The weather grew colder and colder and by November 5, 1926, a foot of snow blanketed the ground, blanketing the swamps and lowlands. Chester and Elton spent most of their evenings in camp by the fire, smoking their pipes, listening to the voice of the wind, throwing their hunting knives at a board at one end of the dugout and dreaming of the many deer they had seen before the season officially opened on November 15, 1926.
The deer hunters arrived about November 13, 1926 and Chester and Elton’s solitary camp quickly became popular, especially at meal times since they were both experienced cooks and provided evening companionship and entertainment as well. At first light on November 15, Chester and Elton left camp anticipating bagging a buck quickly, but just as quickly they discovered that hunters lined every likely deer runway. From the top of the hill, Chester noted fifteen red hunter caps. Shortly after that, a shot rang out from the valley as a hunter spotted a buck. Chester noted that “with the exception of the World War, there was never so much firing at one time. It rattled on over the hills for nearly a mile, and I don’t think anyone hit the buck! I heard the whine of bullets over my hill and I ducked into a hole left by a windfall until the shooting stopped. They never got my range and I didn’t get a scratch but it sure changed my mind about that neck of the woods!”
A few weeks later the weather warmed up and rain melted off most of the snow, leaving the trail full of deep mud. One night the clouds rolled away leaving bright moonlight. One of the hunters suggested going up into the hills to shoot dear by moonlight. Chester didn’t want to go, but Elton liked the idea and took off in the Puddle Hopper. Chester heard Elton come back about 4 o’clock in the morning, but he went to bed without discussing his moonlight hunt.
The next morning Elton told his brother Chester that the Puddle Hopper was stuck in a mud hole about a mile from camp and they both grabbed a shovel and axe and hurried to rescue it. It lay buried up to the axles with all four wheels frozen in a solid cake of mud. Working with the shovel, axe, and pry pole, the brothers finally got the Puddle Hopper loose and pried it up on solid ground. About noon, they drove it into camp with a hearty appetite for lunch.

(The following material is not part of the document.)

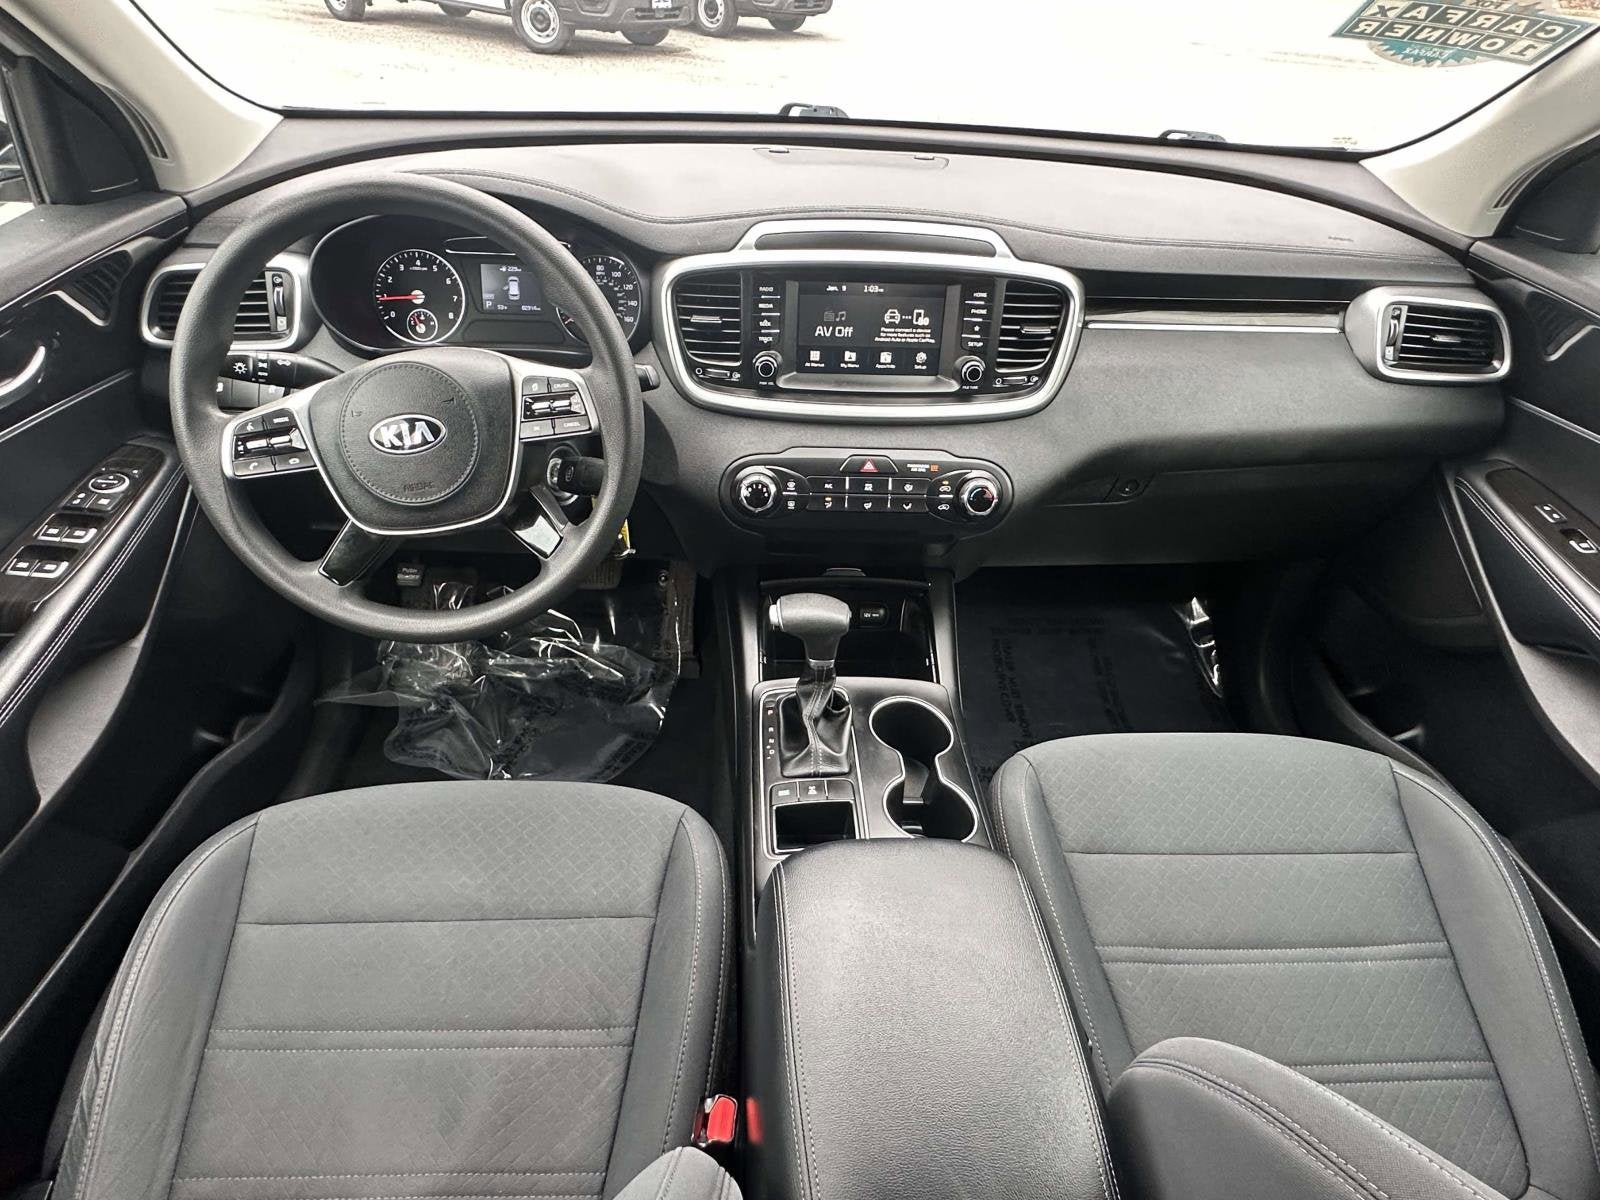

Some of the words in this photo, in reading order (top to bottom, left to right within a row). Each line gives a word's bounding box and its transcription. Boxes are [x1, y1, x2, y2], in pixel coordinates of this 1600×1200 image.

[815, 326, 832, 337] AV
[835, 326, 853, 337] Off
[380, 421, 435, 450] KIA

The brothers hunted for four more days and one day after dinner, Chester nearly got his buck. He had made his way a few rods from camp when a doe dashed out of the swamp, running up the ravine directly toward Chester with a buck following close behind. When they had reached to about ten yards of Chester, they turned broadside to him in the clearing. Chester drew a bead on the buck. Suddenly, a hunter on Chester’s left shot first and the buck jumped. Chester jumped too, causing his shot to go wild. Chester’s bullet plowed a furrow of hair from the buck, which inspired the buck to bolt away. That was as close as Chester or Elton came to bagging a deer that season.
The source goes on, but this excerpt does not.